When the story of this season is written, the worth of last night’s narrow squeak FA Cup victory at Cambridge United will be capable of objective assessment. As things stand right now, you’d have to say it’s unlikely to be of much if any intrinsic value; it may even be that the net effect upon our campaign will be decidedly negative.

On the credit side of the ledger, yet another fine second-half performance to paper over the cracks of yet another slow start, and this time it was the shadow squad that proved itself able to pick up its game. The downside is there for all to see; a tenth booking of the season for the iconic Pontus Jansson will deprive Leeds United of his services for two vital and rather tricky league games in Derby at home and Barnsley away. Jansson’s obvious deputy, Liam Cooper, also picked up an injury that may well see him sidelined for Friday. Given those painful drawbacks, the “reward” of a fourth round trip to past Cup opponents Wimbledon or Sutton United seems more of a booby prize than anything to exult over. Last night’s may have been a Pyrrhic victory – although at least it cut the rest of the footballing world off in mid-gloat.

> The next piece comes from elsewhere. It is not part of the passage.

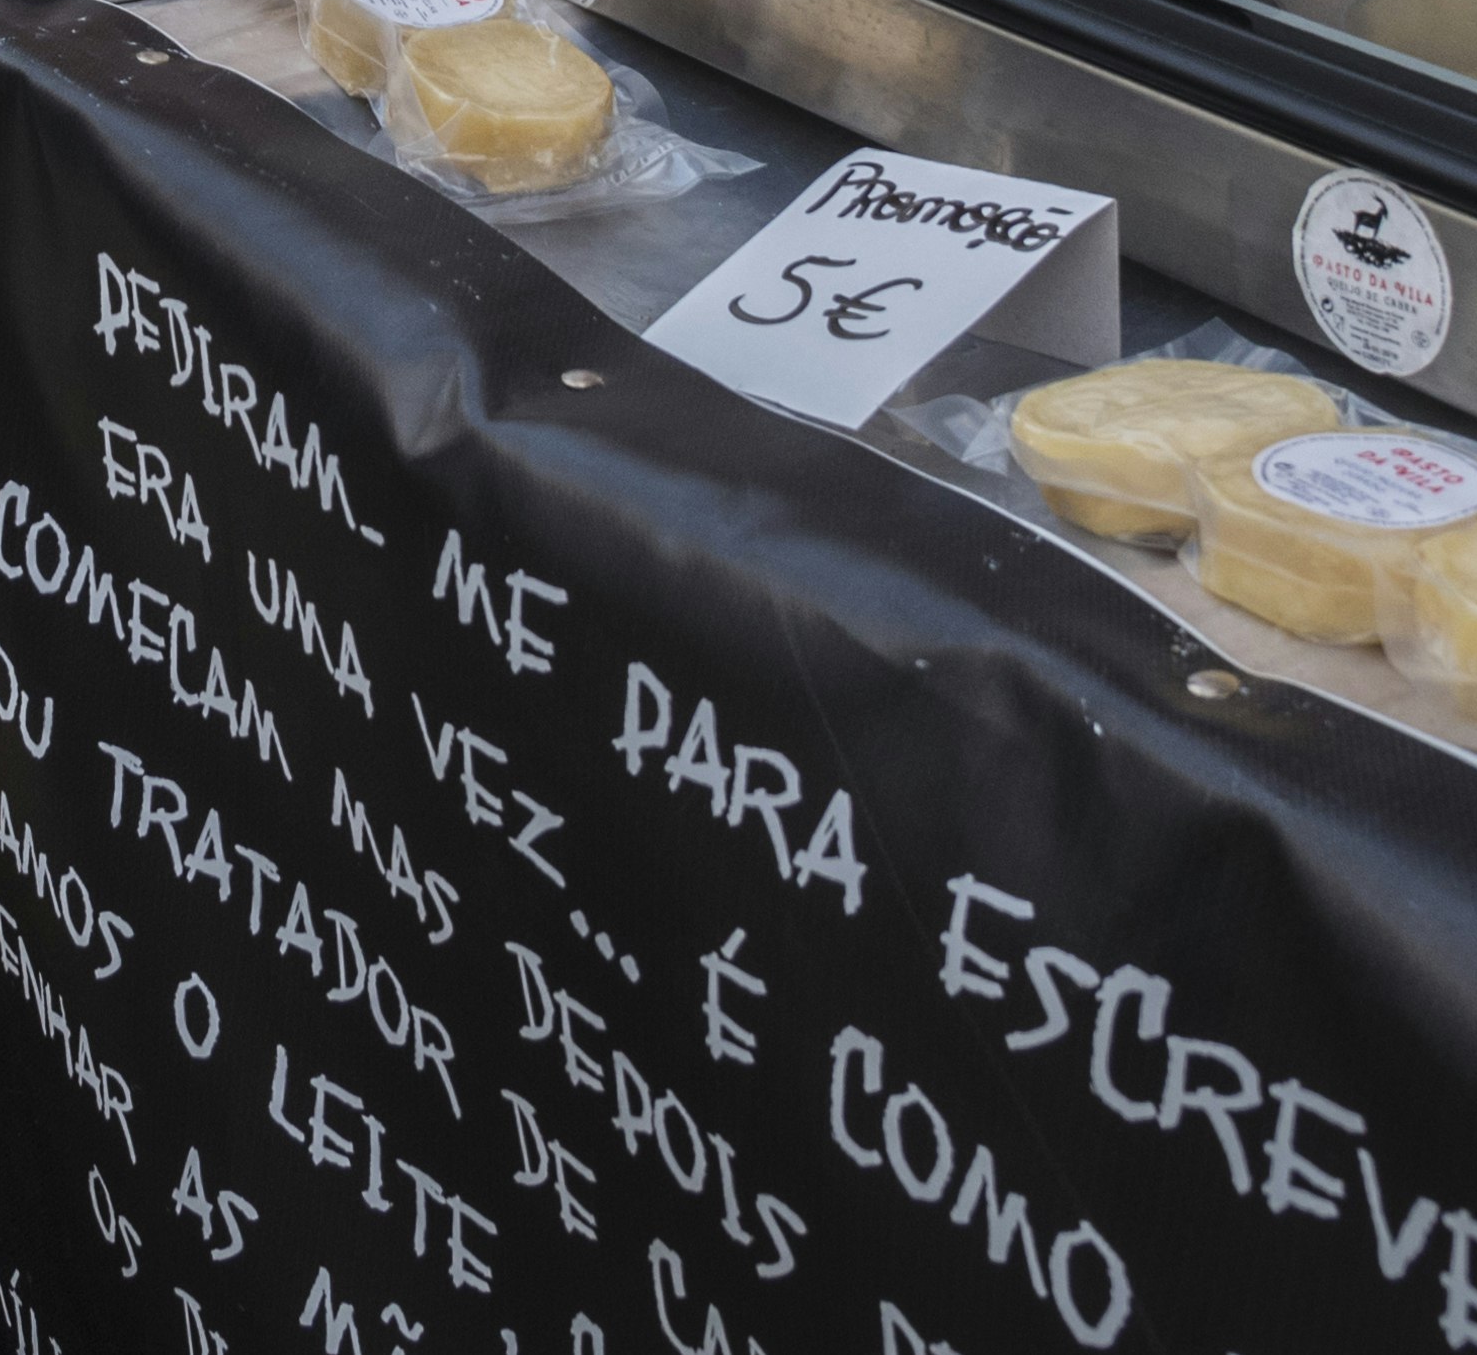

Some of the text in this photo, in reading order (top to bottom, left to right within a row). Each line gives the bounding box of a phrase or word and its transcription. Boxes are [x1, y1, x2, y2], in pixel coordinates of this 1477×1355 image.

The first half of any Leeds game is becoming a matter of some concern. Whatever team takes the field for United appears unable to come out of the blocks in full-on battle mode, and manager Garry Monk is having to do some sterling work in his half-time team talks. So far, that interval helping of bollockings/encouragement has more often than not done the trick; certainly last night Leeds were a different team in the second half and Cambridge were duly blown away after dominating the first 45 minutes. Some wags have suggested only half jokingly that Monk should deliver his half-time peroration before the team trots out at the start of the match, and you can sort of see why. But, looking at the positives of the manager’s input, it would seem he is adept at diagnosing the faults in a first-half performance and then remedying those faults, rather than deficient in his timing. The next step, presumably, is to eliminate the faults from the start – but that’s all part of the learning curve necessary for any “young group”.

In the event, goals from Stuart Dallas and Alex Mowatt saved United’s blushes, or at least postponed them till later in the competition. Now, with the serious business of accumulating more league points a priority, Leeds have to address the imminent problem of an in-form Derby County side managed by our bogeyman coach Schteve “Dutch” McClaren. In the certain absence of Jansson, whose weird pending permanent transfer has now been put back until perilously late in the window, and the probable absence of dead leg victim Cooper, it may be a case of asking Luke Ayling to slot in next to Kyle Bartley in central defence, with Coyle and/or Denton stepping up to one or both of the full-back berths. Not ideal against stiff opposition.

We will know more fully after the next two Pontus-less Championship games at what price this FA Cup progress has been secured, and we’ll just have to hope that it was a price worth paying. Four points out of Derby and Barnsley, two highly-motivated, Leeds-hating, chip-on-the-shoulder obstacles, and we’ll be able to breathe a sigh of relief and look forward to the next round for the fascination of revisiting Cup opponents past. Fingers crossed that last night’s damage really can be limited to the loss of a mere two points. 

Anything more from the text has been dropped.